## [Goal of the exercise]
Repeat each record below exactly, dropping the pictures.

Records from a collection:

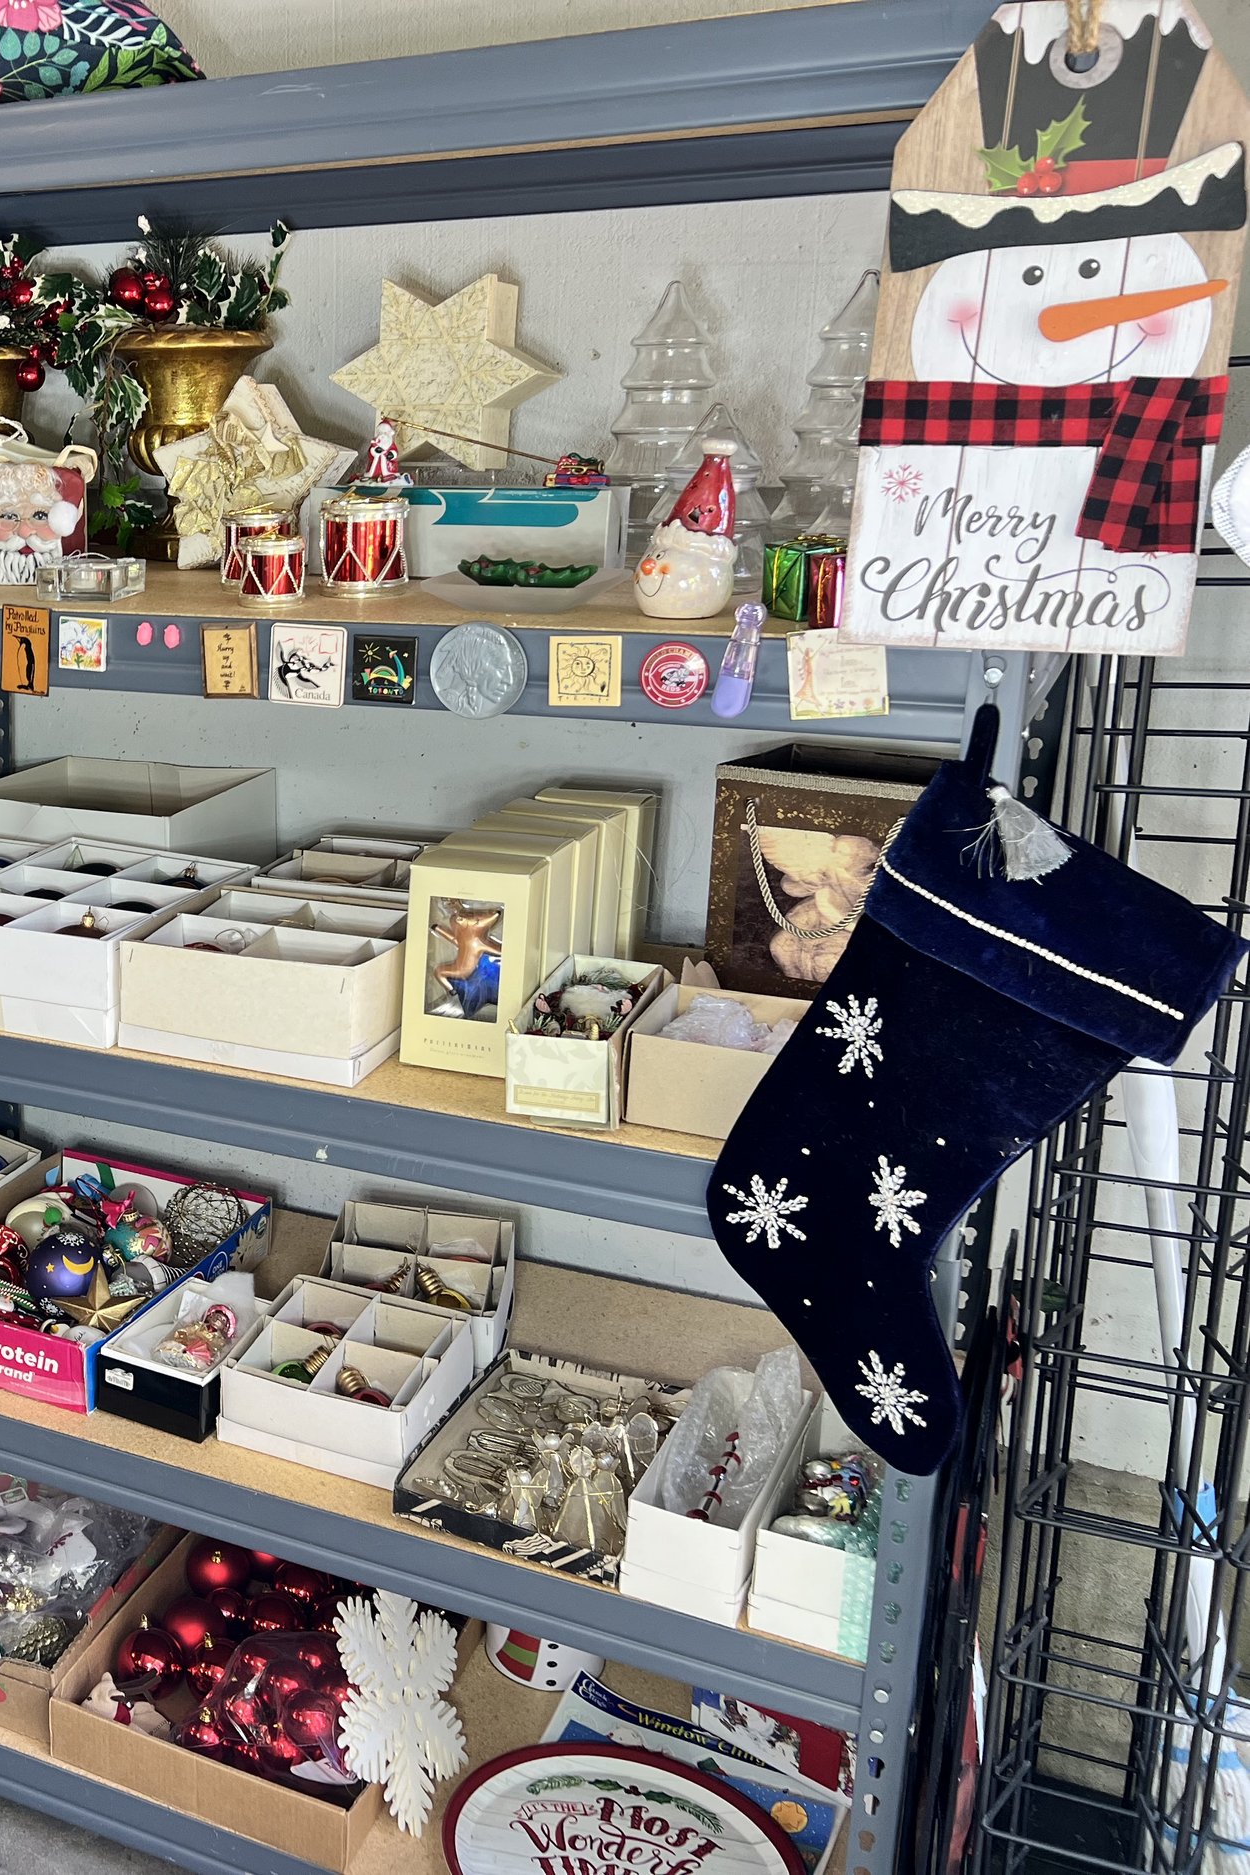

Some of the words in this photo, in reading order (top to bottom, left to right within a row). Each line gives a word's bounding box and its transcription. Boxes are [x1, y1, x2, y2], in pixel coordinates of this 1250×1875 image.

[914, 487, 1057, 564] Merry
[860, 554, 1170, 633] Christmas
[13, 621, 46, 636] Penguins
[217, 643, 234, 654] Hurry
[221, 661, 232, 669] and
[222, 655, 230, 663] up
[294, 686, 331, 701] Canada
[368, 686, 404, 696] TORONTO
[661, 683, 682, 692] REDS
[638, 1711, 708, 1745] Window
[526, 1801, 548, 1814] IT'S
[553, 1802, 579, 1813] THE
[509, 1814, 702, 1875] Wonderf

## [Problem solution]
Some of the words in this photo, in reading order (top to bottom, left to right within a row). Each line gives a word's bounding box and its transcription. Boxes are [x1, y1, x2, y2], in pixel coordinates of this 1250×1875 image.

[914, 487, 1057, 564] Merry
[860, 554, 1170, 633] Christmas
[13, 621, 46, 636] Penguins
[217, 643, 234, 654] Hurry
[221, 661, 232, 669] and
[222, 655, 230, 663] up
[294, 686, 331, 701] Canada
[368, 686, 404, 696] TORONTO
[661, 683, 682, 692] REDS
[638, 1711, 708, 1745] Window
[526, 1801, 548, 1814] IT'S
[553, 1802, 579, 1813] THE
[509, 1814, 702, 1875] Wonderf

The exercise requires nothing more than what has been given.